DrRiceIO7/HereticFT: A Fine-Tuned Gemma3 Model
DrRiceIO7/HereticFT is a 4.3 billion parameter model, developed by DrRiceIO7, that has been fine-tuned from the DrRiceIO7/heretic-checkpoint using a custom dataset called thebigdataset. This model was processed with p-e-w's Heretic tool, which is designed to 'obliterate' and then 'heal' models, with the fine-tuning aiming to restore or improve coherence.
Key Characteristics
- Architecture: Based on the Gemma3 model family.
- Parameter Count: 4.3 billion parameters.
- Context Length: Supports a context length of 32768 tokens.
- Training Efficiency: Training was accelerated by 2x using Unsloth and Huggingface's TRL library.

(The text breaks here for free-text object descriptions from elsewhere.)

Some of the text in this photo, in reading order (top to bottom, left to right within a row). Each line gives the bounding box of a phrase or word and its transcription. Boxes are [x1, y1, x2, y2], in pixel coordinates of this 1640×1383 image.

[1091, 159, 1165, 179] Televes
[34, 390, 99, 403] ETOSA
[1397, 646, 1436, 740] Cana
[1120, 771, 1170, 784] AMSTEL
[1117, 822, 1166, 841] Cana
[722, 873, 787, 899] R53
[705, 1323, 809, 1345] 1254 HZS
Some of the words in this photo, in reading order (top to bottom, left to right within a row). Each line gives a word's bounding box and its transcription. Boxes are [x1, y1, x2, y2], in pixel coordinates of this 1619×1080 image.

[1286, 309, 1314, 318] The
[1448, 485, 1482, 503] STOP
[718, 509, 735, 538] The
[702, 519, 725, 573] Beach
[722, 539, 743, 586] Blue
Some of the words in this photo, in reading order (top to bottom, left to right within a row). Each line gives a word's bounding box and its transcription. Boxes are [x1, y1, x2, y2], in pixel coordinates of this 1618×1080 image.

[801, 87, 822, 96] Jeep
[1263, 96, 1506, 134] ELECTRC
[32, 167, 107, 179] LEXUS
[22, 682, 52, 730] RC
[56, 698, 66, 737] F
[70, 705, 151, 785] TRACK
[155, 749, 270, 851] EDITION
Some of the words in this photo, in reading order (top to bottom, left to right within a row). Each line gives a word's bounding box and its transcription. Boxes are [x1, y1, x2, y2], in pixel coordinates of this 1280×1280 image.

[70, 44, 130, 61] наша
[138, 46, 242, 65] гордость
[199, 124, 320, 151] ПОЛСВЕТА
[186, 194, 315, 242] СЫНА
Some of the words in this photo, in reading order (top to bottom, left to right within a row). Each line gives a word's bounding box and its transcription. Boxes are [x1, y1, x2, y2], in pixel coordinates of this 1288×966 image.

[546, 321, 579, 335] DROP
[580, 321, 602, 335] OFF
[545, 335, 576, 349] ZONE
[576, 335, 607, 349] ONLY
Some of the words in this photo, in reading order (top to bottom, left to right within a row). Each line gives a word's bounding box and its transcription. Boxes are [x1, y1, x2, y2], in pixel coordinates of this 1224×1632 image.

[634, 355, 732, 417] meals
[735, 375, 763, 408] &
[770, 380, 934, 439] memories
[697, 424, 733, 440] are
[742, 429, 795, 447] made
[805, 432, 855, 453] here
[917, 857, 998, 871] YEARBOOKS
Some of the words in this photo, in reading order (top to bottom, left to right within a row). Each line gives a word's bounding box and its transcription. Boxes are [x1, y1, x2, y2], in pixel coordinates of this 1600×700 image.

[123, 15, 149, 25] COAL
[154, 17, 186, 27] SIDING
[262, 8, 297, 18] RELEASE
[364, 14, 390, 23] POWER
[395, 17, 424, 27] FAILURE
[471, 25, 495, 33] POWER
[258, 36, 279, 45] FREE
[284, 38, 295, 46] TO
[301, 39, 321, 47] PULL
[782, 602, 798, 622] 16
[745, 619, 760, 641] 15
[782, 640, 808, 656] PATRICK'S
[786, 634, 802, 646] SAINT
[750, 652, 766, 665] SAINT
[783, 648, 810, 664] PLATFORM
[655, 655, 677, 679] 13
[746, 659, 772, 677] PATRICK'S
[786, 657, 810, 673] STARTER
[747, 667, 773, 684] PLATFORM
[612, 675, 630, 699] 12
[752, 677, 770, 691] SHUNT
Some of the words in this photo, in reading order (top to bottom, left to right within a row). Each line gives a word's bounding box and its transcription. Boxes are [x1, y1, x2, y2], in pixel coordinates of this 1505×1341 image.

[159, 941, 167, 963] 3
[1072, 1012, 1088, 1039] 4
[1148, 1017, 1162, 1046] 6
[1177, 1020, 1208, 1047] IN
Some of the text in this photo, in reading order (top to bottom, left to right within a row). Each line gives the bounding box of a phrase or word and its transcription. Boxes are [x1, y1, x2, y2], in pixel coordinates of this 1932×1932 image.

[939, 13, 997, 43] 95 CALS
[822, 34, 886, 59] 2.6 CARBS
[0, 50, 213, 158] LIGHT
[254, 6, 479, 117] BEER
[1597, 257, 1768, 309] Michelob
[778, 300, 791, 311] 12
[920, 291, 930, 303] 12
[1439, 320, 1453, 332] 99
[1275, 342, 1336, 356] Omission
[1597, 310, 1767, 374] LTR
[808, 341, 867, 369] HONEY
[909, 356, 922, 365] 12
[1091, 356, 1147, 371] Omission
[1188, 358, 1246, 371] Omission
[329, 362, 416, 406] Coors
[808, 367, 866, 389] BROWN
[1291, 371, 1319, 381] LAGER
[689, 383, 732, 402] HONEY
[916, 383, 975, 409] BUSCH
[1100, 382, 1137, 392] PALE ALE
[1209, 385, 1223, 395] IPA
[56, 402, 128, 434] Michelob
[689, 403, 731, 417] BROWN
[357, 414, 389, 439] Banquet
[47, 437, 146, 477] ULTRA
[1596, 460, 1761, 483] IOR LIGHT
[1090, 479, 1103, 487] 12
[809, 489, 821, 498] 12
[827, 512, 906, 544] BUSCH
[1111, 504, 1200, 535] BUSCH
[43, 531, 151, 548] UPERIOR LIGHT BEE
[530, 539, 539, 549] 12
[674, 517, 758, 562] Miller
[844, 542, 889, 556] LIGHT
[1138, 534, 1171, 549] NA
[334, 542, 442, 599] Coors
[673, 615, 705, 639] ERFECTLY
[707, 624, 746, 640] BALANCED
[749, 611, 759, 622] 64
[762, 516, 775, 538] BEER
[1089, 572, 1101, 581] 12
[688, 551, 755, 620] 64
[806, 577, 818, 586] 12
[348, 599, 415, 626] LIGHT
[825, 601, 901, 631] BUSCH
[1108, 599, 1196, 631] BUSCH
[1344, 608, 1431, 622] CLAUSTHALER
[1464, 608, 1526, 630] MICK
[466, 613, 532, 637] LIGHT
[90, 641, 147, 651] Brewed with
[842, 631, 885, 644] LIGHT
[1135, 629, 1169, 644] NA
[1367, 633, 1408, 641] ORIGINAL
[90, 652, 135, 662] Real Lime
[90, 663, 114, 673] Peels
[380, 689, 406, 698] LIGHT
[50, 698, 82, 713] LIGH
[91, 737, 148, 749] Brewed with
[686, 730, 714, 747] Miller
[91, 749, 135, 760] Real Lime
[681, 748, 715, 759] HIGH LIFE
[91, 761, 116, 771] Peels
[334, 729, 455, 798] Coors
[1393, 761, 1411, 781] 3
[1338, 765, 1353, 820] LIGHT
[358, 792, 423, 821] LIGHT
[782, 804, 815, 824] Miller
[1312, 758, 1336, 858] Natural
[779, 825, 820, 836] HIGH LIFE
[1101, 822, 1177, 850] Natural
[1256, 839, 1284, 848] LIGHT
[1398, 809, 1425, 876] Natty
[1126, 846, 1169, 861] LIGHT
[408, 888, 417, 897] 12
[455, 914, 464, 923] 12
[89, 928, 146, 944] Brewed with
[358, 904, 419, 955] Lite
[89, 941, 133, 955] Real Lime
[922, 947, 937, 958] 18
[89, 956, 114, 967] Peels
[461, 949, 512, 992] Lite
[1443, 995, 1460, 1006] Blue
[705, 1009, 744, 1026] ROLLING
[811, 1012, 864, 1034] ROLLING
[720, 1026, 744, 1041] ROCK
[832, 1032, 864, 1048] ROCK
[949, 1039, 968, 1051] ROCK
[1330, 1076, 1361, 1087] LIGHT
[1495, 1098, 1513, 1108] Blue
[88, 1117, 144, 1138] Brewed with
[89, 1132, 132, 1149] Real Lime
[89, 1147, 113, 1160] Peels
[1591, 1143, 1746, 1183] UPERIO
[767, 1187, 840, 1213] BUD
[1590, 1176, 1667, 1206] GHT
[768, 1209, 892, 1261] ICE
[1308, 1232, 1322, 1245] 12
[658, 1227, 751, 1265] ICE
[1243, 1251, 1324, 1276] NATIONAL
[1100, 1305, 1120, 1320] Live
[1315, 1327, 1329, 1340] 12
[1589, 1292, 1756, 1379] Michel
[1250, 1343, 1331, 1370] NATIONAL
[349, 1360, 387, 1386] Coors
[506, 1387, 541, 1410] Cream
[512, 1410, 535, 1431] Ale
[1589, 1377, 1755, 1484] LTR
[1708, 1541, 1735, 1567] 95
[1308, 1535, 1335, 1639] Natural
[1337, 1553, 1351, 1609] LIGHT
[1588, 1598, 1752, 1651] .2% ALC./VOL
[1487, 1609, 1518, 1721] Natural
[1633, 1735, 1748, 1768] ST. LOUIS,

- Development Purpose: Primarily uploaded to track the developer's progress in applying Heretic tool processes and subsequent fine-tuning to maintain model coherence.
Use Cases
- Research and Experimentation: Ideal for researchers and developers interested in exploring the effects of model 'heretic' processes and subsequent fine-tuning on model performance and coherence.
- Progress Tracking: Useful for observing the impact of specific fine-tuning methodologies on models that have undergone significant structural modifications.